Creation and the Age of the Earth — Trusting the Word Over the World
- Al Felder
- 2 days ago
- 4 min read
“And, Thou, Lord, in the beginning hast laid the foundation of the earth; and the heavens are the works of thine hands.”
— Hebrews 1:10

The Question That Divides Faith and Science
When it comes to the age of the earth, the question isn’t just about time—it’s about trust. Whose word will we believe: God’s or man’s?
The Bible clearly teaches that God created the heavens and the earth “in the beginning.” Yet everywhere we turn, we’re told the Earth is billions of years old. The media, textbooks, and scientific institutions treat this view as an unquestionable fact. But the real conflict isn’t between faith and science—it’s between man’s interpretation and God’s revelation.

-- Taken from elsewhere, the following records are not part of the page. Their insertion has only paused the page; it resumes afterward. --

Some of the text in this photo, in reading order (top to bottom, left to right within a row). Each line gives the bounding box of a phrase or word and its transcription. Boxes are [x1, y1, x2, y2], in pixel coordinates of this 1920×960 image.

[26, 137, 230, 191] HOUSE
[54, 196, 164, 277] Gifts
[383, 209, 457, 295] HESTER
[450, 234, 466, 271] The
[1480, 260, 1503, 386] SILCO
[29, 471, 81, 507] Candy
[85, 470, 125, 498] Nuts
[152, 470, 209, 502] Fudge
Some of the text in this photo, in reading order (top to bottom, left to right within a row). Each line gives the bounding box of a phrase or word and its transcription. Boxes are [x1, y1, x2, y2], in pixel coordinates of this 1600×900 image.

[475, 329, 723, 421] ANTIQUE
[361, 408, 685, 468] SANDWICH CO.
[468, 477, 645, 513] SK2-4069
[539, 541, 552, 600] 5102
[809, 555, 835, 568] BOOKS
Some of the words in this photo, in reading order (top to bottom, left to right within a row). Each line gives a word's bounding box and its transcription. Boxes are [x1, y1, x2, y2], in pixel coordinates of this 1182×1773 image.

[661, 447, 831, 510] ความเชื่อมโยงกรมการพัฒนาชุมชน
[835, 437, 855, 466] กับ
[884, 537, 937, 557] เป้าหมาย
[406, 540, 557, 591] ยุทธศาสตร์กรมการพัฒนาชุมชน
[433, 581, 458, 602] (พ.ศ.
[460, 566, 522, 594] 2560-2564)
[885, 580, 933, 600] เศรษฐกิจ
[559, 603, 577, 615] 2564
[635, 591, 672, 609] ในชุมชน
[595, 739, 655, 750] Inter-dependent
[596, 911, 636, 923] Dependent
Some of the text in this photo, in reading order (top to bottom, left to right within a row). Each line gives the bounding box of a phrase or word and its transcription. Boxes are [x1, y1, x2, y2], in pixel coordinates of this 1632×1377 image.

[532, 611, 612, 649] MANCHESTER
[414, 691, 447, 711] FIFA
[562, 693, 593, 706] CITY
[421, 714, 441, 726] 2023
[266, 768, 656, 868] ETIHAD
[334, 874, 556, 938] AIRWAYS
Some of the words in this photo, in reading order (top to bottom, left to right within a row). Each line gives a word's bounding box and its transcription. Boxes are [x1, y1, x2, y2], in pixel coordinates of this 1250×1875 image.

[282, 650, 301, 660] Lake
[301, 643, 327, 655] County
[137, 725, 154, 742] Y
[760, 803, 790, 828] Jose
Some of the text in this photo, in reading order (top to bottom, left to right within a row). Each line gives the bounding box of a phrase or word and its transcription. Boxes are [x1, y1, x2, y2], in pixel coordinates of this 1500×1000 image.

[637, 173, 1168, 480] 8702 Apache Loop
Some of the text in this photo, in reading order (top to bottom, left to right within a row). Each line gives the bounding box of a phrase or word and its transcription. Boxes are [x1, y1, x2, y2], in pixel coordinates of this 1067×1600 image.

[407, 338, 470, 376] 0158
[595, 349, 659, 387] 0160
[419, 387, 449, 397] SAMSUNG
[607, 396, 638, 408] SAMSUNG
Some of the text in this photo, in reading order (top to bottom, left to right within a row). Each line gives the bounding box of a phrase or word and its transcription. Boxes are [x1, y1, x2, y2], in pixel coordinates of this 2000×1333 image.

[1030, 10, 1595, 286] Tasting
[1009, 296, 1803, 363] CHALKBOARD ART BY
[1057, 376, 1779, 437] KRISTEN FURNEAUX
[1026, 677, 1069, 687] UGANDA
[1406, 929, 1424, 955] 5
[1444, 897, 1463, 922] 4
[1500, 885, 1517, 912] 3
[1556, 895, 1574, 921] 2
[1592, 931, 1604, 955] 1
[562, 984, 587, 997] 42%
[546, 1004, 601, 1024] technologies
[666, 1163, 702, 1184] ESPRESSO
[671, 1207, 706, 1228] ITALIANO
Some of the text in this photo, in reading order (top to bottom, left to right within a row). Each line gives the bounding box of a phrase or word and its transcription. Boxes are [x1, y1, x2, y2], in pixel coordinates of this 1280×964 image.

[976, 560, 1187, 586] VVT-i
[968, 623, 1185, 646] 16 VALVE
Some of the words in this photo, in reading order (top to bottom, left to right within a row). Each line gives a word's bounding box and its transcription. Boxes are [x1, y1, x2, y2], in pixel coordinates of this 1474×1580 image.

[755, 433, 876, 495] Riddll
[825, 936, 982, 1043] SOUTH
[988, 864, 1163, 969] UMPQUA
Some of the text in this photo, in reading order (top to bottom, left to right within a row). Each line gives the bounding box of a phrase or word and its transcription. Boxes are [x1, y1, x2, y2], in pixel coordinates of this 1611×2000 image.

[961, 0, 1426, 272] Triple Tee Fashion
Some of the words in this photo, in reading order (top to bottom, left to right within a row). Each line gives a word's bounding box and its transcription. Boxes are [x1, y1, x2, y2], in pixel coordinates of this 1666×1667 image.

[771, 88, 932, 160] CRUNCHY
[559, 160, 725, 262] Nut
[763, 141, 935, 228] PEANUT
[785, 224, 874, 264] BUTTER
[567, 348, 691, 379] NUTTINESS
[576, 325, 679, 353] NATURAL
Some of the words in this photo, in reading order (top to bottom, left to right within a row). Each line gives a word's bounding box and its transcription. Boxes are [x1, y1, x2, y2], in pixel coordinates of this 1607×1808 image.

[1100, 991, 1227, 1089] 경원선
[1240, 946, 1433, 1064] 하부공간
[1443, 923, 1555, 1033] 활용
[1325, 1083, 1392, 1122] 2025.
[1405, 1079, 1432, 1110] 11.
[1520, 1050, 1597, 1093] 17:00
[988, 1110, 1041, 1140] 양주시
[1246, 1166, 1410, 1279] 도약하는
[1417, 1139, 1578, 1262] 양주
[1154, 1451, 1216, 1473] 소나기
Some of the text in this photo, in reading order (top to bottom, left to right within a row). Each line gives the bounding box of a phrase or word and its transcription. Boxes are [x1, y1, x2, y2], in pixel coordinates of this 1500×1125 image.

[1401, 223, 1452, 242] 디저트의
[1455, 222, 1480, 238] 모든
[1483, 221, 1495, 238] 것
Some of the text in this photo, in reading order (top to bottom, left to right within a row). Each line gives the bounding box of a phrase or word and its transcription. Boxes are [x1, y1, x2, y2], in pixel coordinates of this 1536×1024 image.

Both creationists and evolutionists look at the same evidence—fossils, rock layers, and geological formations. The difference lies in their starting point. Evolution begins with man’s reasoning; creation begins with God’s Word. Actual science depends on observation and repeatability, but creation cannot be observed or repeated—it happened once, by the power of God.
Ultimately, the question of the earth’s age is a matter of faith—faith in the theories of man or faith in the inspired record of Scripture.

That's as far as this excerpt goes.